OLYMPIA – The Senate today passed a bipartisan bill to let participants in Washington’s Guaranteed Education Tuition (GET) program directly share in unanticipated investment gains that the program has experienced in recent years.
Senate Bill 6087, sponsored by Sen. Mark Mullet, D-Issaquah, would return those gains to GET account holders, giving them three months to redeem units for the cash value and roll the amount into Washington’s new 529 college savings program.
“State policy led to an unplanned surplus, but that money belongs to Washington families and so does any gain on it,” Mullet said. “We should give it back to those families and give them the flexibility to make the choices about saving for higher education that work best for them, especially because doing so won’t cost the state any money.”

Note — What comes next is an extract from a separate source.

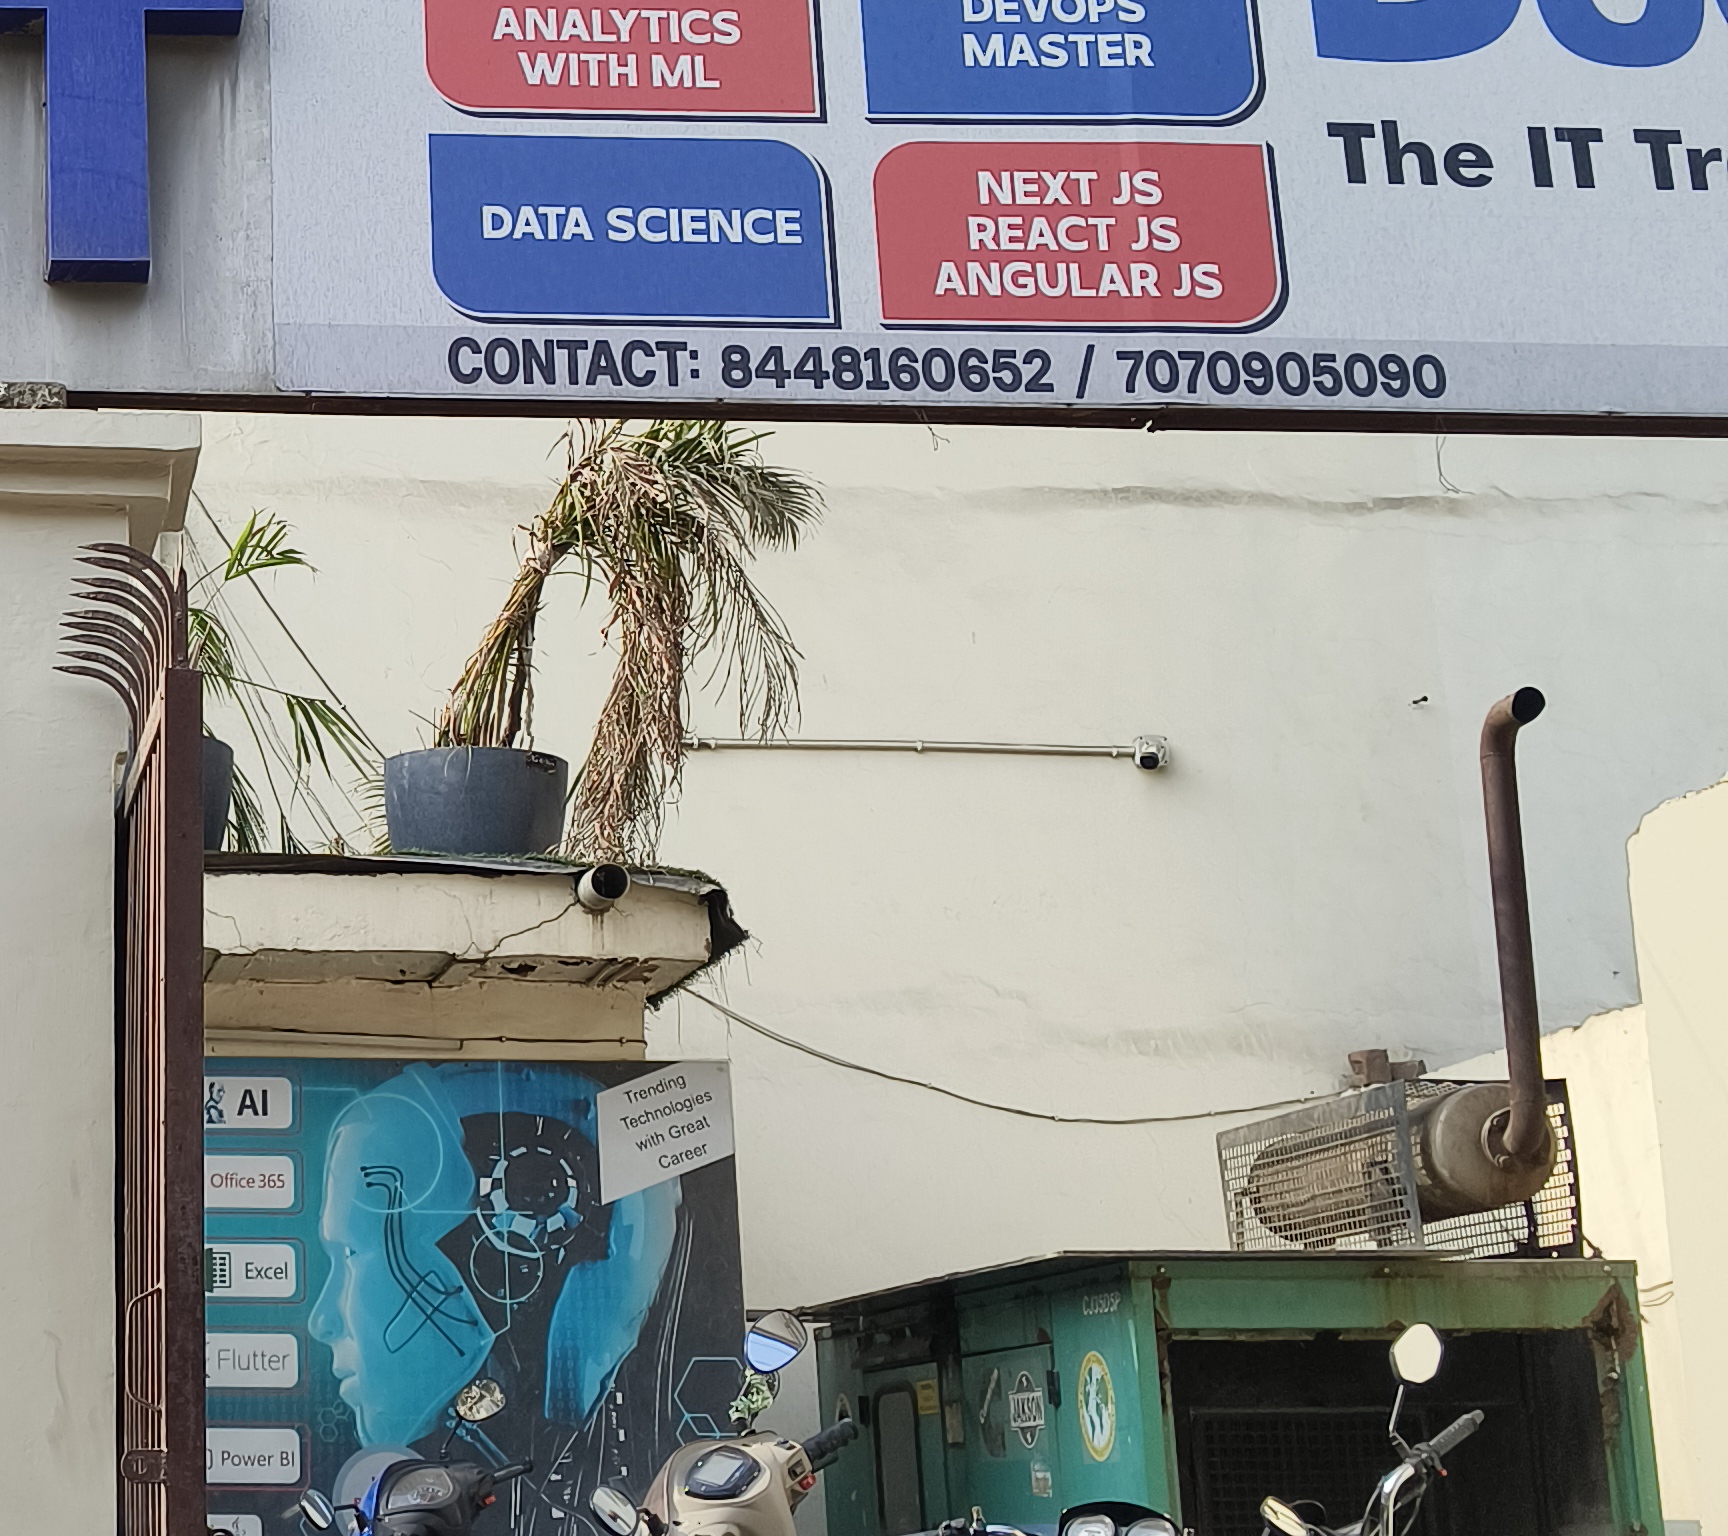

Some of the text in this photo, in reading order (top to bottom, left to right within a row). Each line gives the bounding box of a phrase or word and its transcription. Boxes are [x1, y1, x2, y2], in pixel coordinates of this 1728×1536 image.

The GET program allows households to purchase the cost of college tuition at today’s prices to ensure families can afford college, even if the cost of tuition increases in the future. The state then invests those funds in order to cover the actual cost of tuition for GET holders when students start college.
The value of a GET unit has not changed in the past six years because the state has frozen tuition. Currently, 100 GET units is equal to about $10,386, enough to send a student to college for a year. However, the state currently has a surplus in the GET investment fund that would mean 100 GET credits is worth more than $14,000.
Under Senate Bill 6087, GET account holders would have three months to redeem units for what they are actually worth and to roll that amount into the 529 college savings program, which works like a 401(k) retirement-savings plan.
The bill, which passed 43-3, now goes to the House of Representatives for further consideration.